Karen Rivers Watch calls for protection of rivers in Myanmar
On the International Day of Action for Rivers and Against Dams (March 14), Karen Rivers Watch issued a declaration urging the protection of Myanmar's major rivers - including the Salween and Irrawaddy - which are vital to the livelihoods, culture, and spiritual identity of Indigenous communities. These rivers face severe threats from large-scale dam projects, illegal mining, and rare-earth mineral extraction driven by the military junta (SAC), resulting in toxic contamination (arsenic levels up to 55× the safe limit in the Salween), biodiversity loss, forced displacement, and deteriorating community health. The statement calls on ethnic de facto governments, the National Unity Government, the international community, and ASEAN to halt destructive extraction projects, impose legal sanctions on the SAC, and develop inclusive, federal-level environmental and water governance policies grounded in free, prior, and informed consent of Indigenous peoples.
Politics
Myanmar’s post-coup parliament sits packed with junta allies
Myanmar's military junta has convened parliament for the first time since its 2021 coup, filling it with pro-military lawmakers from the Union Solidarity and Development Party and members of the active armed forces, following a stage-managed election held in December and January. The vote was boycotted by resistance forces controlling large parts of the country, and democracy watchdogs have condemned it as illegitimate, with analysts describing the new MPs as a proxy designed to give military rule a civilian veneer. Junta chief Min Aung Hlaing is widely expected to transition into the presidency or continue pulling strings behind the scenes, effectively maintaining military control under the guise of a civilian government.

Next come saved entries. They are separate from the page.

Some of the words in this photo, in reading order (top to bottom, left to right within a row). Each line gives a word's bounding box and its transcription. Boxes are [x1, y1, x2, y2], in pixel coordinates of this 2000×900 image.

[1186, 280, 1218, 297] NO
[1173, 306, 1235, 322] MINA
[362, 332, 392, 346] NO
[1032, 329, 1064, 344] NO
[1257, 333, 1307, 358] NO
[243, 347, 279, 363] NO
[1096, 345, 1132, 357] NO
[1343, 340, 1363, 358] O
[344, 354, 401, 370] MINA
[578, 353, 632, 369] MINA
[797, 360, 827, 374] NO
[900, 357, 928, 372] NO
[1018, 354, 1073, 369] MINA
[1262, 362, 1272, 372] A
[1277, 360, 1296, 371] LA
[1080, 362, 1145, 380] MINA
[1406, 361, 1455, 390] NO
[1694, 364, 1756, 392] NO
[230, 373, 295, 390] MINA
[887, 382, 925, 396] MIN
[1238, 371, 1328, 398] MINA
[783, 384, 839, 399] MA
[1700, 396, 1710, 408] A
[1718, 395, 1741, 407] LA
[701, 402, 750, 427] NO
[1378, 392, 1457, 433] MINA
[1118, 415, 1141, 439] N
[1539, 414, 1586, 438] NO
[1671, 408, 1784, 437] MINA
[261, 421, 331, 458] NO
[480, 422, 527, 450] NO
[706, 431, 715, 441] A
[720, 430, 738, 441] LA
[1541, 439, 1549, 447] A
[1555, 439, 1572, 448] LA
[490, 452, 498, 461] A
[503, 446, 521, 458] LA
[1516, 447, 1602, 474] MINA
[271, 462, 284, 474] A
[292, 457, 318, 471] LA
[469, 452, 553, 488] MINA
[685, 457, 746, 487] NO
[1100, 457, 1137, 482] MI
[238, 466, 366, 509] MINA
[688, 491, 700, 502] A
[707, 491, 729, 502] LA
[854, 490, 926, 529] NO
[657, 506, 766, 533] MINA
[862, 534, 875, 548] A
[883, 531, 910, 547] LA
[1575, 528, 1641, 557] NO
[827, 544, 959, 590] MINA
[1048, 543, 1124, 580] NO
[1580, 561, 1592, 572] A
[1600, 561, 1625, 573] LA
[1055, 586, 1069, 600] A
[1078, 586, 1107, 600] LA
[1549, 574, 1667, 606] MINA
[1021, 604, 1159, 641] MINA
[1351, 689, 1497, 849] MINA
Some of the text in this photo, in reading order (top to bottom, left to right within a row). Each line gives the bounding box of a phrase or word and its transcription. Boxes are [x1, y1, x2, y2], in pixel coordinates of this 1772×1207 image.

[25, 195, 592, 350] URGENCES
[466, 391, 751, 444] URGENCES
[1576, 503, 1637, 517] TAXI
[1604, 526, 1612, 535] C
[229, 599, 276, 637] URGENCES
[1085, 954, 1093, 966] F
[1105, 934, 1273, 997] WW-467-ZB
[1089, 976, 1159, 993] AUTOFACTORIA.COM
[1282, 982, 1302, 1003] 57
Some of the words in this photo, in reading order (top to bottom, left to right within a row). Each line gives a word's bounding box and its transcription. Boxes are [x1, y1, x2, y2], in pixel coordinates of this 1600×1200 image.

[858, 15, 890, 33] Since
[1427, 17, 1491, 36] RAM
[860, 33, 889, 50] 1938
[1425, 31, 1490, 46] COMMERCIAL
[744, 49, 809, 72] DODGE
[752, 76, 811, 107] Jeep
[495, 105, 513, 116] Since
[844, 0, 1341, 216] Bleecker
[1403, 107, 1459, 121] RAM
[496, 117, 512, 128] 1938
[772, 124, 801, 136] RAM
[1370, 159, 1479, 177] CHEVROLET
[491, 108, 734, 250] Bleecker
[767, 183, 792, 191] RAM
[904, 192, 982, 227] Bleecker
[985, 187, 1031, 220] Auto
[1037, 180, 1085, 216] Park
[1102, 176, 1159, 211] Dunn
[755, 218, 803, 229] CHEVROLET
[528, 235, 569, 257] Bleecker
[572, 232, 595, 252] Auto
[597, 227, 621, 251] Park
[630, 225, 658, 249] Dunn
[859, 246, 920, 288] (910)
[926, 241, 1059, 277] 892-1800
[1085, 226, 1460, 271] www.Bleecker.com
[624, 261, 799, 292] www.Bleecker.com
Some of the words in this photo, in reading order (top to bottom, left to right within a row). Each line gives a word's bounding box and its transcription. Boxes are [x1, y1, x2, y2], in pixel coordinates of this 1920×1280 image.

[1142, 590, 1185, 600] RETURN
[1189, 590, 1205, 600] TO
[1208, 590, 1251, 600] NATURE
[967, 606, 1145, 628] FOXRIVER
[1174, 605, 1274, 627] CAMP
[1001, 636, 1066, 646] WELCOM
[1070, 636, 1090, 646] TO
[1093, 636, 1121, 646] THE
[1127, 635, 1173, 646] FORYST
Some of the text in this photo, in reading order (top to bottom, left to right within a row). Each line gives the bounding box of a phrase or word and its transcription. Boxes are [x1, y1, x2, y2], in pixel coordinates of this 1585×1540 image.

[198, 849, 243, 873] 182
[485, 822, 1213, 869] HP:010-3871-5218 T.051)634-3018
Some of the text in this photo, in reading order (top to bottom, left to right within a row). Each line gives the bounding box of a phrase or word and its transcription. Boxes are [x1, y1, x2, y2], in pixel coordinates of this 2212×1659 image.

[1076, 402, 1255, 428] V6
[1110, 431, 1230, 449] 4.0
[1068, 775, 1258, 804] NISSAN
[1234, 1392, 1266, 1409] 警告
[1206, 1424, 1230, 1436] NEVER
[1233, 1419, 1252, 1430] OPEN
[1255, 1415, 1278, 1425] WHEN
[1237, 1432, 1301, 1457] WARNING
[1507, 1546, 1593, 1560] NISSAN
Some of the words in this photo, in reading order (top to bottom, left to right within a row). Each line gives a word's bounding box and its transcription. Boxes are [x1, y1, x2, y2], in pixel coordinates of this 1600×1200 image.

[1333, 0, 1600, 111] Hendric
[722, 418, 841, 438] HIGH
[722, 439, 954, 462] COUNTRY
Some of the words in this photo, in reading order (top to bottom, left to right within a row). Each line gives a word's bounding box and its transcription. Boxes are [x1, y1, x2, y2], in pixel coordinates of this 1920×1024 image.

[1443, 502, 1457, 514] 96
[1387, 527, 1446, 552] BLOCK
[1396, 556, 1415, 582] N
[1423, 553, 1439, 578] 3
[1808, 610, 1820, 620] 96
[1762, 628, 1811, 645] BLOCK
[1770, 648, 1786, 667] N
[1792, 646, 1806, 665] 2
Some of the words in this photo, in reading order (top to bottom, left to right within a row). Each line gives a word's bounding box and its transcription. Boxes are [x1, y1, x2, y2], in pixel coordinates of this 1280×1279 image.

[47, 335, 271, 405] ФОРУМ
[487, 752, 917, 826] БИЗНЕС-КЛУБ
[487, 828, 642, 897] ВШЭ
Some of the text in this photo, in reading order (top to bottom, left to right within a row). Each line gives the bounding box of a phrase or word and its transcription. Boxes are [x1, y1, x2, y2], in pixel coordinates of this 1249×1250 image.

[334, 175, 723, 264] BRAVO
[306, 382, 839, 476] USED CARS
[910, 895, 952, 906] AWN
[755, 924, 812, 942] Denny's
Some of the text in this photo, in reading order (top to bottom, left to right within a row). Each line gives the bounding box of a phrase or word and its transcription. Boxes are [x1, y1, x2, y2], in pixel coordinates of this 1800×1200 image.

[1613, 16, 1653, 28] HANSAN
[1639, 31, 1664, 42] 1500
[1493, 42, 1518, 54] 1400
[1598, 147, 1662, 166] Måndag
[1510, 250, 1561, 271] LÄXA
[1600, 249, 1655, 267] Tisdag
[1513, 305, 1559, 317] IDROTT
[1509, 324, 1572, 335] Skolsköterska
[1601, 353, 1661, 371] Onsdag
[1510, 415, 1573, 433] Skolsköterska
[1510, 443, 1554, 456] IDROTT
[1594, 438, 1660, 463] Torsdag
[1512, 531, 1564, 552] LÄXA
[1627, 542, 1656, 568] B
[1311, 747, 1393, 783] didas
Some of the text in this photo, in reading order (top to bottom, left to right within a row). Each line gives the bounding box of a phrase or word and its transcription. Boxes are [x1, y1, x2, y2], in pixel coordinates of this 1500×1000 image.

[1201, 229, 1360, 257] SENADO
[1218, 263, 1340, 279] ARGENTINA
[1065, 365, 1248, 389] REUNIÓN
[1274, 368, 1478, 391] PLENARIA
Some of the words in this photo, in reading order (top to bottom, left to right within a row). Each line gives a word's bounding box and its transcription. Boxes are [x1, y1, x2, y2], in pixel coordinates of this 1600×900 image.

Two Ex-Generals Elected Speakers of Myanmar’s Martial Parliament
Myanmar's military proxy party (USDP) convened its first parliamentary session since the 2021 coup in Naypyitaw, with two former generals - Khin Yi and Maung Maung Ohn - elected as speaker and deputy speaker of the Lower House. The parliament was formed through a December-January election widely seen as rigged, with meaningful opposition barred and a quarter of seats reserved for uniformed soldiers under the 2008 military-drafted constitution. In response, the shadow National Unity Government (NUG) held its own online session, rejecting the new legislature as illegitimate and warning against treating it as a normal political development.